- Flag of the People's Armed Police
- Active: 1949–(People's Liberation Army Ground Force); 1996 – (People's Armed Police);
- Country: China
- Agency: People's Armed Police
- Type: Gendarmerie
- Role: Rapid Reaction Force
- Operations jurisdiction: Southern China, Southwestern China and East China
- Headquarters: Fuzhou

Notables
- Significant operation(s): Korean War

Equipment
- Aircraft: Z-20 PAP

= 2nd Mobile Corps =

The 2nd Mobile Corps, also translated as 2nd Mobile Contingent, is one of two Mobile Corps (the other being the 1st Mobile Contingent) of the People's Armed Police and is headquartered in Changle district, Fuzhou.

== History ==
The 126th Division was a military formation deployed by the People's Republic of China as part of the People's Volunteer Army (Chinese People's Volunteers (CPV) or Chinese Communist Forces (CCF) during the Korean War. It had a standard strength of approximately 10,000 men. It was a component of the 42nd Army, consisting of the 376th, 377th, and 378th Regiments.In 1996, it was transferred to the People's Armed Police and was renamed to the 126th Armed Police Division. It was stationed in Huadu district, Guangzhou and consisted of the 373rd Armed Police Regiment stationed in Huadu district, Guangdong, the 376th Armed Police Regiment stationed in Leiyang, Hengyang, the 378th Armed Police Regiment stationed in Leiyang, Hengyang and the 712nd Armed Police Regiment stationed in Huadu district, Guangzhou.
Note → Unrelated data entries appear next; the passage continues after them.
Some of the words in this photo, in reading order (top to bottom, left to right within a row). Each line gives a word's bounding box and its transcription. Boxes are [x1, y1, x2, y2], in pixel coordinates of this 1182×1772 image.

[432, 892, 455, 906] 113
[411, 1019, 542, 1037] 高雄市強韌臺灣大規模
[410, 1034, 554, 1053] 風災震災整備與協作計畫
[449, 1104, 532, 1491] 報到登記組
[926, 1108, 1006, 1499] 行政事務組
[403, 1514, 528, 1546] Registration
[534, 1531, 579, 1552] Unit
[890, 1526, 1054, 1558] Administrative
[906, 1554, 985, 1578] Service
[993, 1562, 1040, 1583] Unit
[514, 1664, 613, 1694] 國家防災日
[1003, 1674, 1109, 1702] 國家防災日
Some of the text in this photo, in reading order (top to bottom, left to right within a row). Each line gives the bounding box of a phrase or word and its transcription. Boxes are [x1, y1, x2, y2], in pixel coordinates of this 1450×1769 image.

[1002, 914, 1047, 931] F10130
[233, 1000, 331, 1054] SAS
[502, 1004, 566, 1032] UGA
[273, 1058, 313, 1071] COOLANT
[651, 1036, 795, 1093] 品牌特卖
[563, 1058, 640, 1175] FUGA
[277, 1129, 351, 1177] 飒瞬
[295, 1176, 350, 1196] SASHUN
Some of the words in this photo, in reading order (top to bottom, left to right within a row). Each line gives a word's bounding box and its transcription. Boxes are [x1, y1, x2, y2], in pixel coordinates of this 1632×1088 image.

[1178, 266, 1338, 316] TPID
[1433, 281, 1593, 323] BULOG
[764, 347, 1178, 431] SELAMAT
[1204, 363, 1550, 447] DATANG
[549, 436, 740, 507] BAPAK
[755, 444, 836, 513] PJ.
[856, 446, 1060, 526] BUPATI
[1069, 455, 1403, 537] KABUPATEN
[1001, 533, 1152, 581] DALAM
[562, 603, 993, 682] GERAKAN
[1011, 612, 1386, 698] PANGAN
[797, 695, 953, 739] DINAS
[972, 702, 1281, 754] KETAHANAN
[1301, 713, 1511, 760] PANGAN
In 2017, the 126th Armed Police Division became the 2nd Mobile Corps of the People's Armed Police and was merged with the 181st Armed Police Division, the 93rd Armed Police Division, 41st Armed Police Division, the 38th Armed Police Division and the 2nd Armed Police Division.

== Units ==
Source:
- 1st Mobile Detachment – Stationed in Wuxi
- 2nd Mobile Detachment – Stationed in Wuxi
- 3rd Mobile Detachment – Stationed in Yixing
- 4th Mobile Detachment – Stationed in Putian
- 5th Mobile Detachment – Stationed in Putian
- 6th Mobile Detachment – Stationed in Guangzhou
- 7th Mobile Detachment – Stationed in Foshan
- 8th Mobile Detachment – Stationed in Mengzi, Honghe
- 9th Mobile Detachment – Stationed in Nanchong

- 1st Special Operations Detachment (Snow Leopard commando unit) – Stationed in Guangzhou'
- 2nd Special Operations Detachment – Stationed in Huzhou
- 1st Transportation Detachment – Stationed in Hefei
- 2nd Transportation Detachment – Stationed in Mianyang
- 3rd Transportation Detachment – Stationed in Bomê County, Nyingchi
- Engineering and Chemical Defense Detachment, Stationed in Changle District, Fuzhou
- Helicopter Detachment – Operates Z-20 Helicopters
  - First Group, Stationed in Xinglong town, Zhongjiang County, Deyang
  - Second Group, Stationed in Zhangshu town, Xiangyin County, Yueyang
  - Third Group, Stationed in Pingyin Xiaozhi airport, Xiaozhi town, Pingyin County, Jinan

== Mission ==
The 2nd Mobile Contingent is a rapid reaction force of the People's Armed Police used to rapidly respond to major incidents (such as terrorist threats, riots and natural disasters) in Southern china, Southwest China and East China.